The Supreme Court affirmed the Court of Appeals' decision annulling the trial court's orders denying Shangri-La Properties, Inc.'s (SPI) motion to suspend proceedings. Petitioner BF Corporation filed a collection suit against SPI, which moved to suspend proceedings based on an arbitration clause in the "Conditions of Contract." The trial court denied the motion, ruling the clause invalid for lack of signatures on the conditions and finding SPI in default. The Court of Appeals reversed via certiorari. The Supreme Court upheld the appellate court, ruling that the arbitration clause was validly incorporated by reference into the signed and notarized Articles of Agreement, satisfying the statutory requirement for subscription.
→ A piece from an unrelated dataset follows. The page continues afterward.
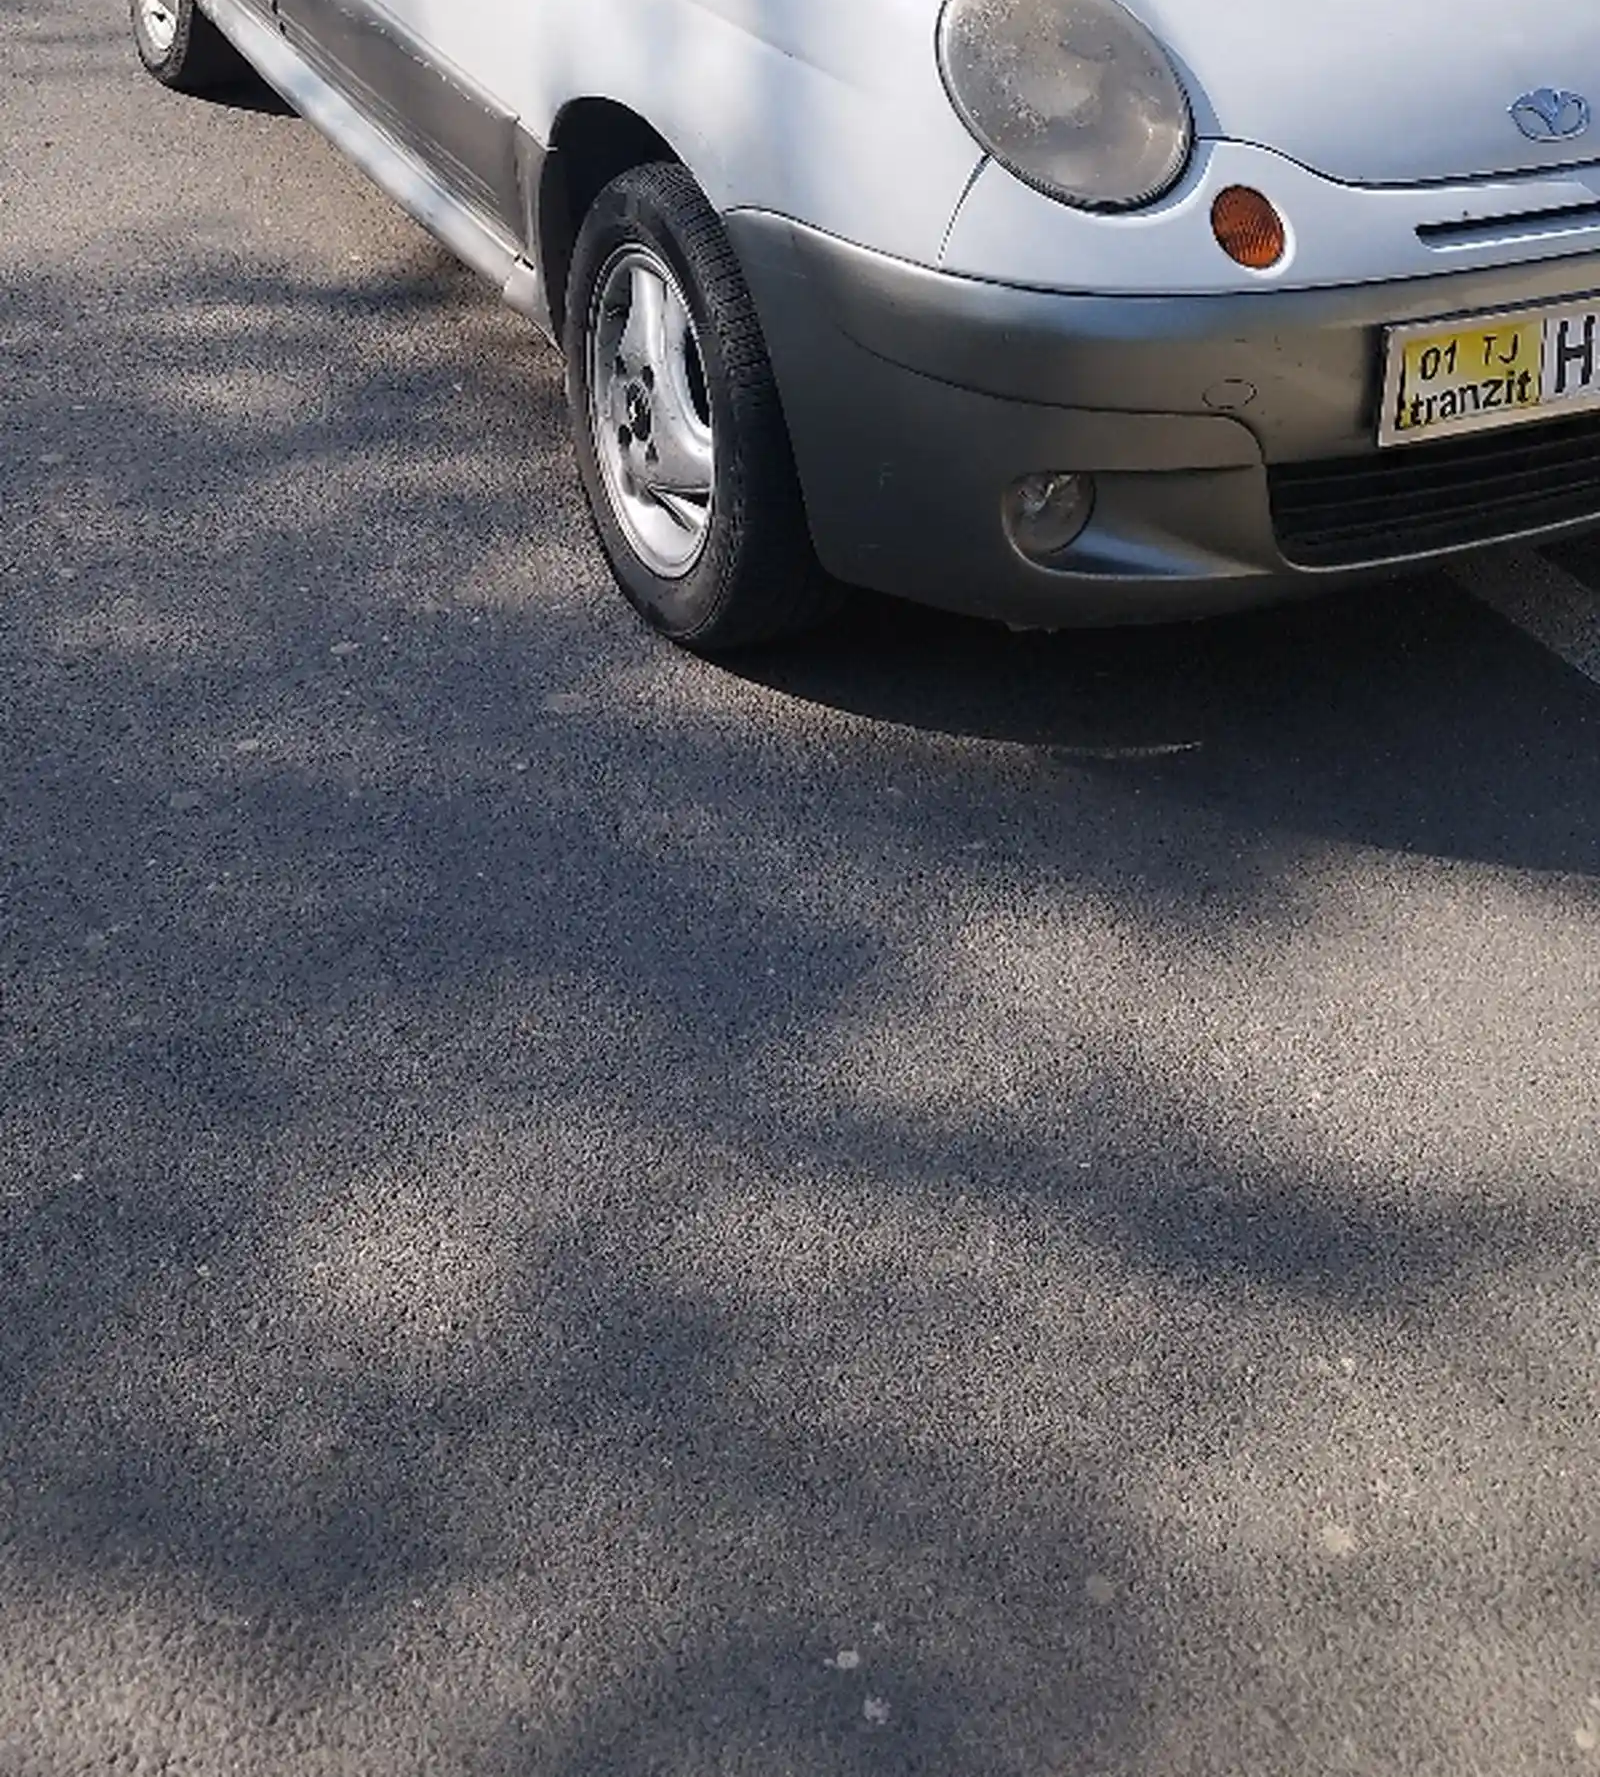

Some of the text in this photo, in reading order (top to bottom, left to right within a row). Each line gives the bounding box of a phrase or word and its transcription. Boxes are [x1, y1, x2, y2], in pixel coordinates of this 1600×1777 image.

[1420, 332, 1519, 380] 01 TJ
[1553, 314, 1597, 393] H
[1408, 367, 1533, 425] tranzit
The Court further held that certiorari was the proper remedy because the trial court's premature assumption of jurisdiction over an arbitrable dispute constituted grave abuse of discretion.

Primary Holding

The Court held that an arbitration clause contained in an unsigned document is valid and binding if it is clearly identified or referred to and made part of a signed principal agreement, as the subscription of the principal agreement effectively covers the other documents incorporated by reference. Furthermore, the Court held that when a trial court prematurely assumes jurisdiction over a dispute subject to a valid arbitration agreement, such action constitutes grave abuse of discretion correctible by certiorari.

Background

Petitioner BF Corporation and respondent Shangri-La Properties, Inc. (SPI) entered into an agreement for the construction of the EDSA Plaza Project. Disputes arose regarding construction delays, which SPI considered substantial and BF Corporation attributed to a fire. After a failed conference to settle their disagreements, BF Corporation filed a collection suit. SPI moved to suspend the court proceedings, invoking an arbitration clause in their contract.

History

  1. Petitioner BF Corporation filed a complaint for collection against respondent Shangri-La Properties, Inc. (SPI) with the Regional Trial Court of Pasig.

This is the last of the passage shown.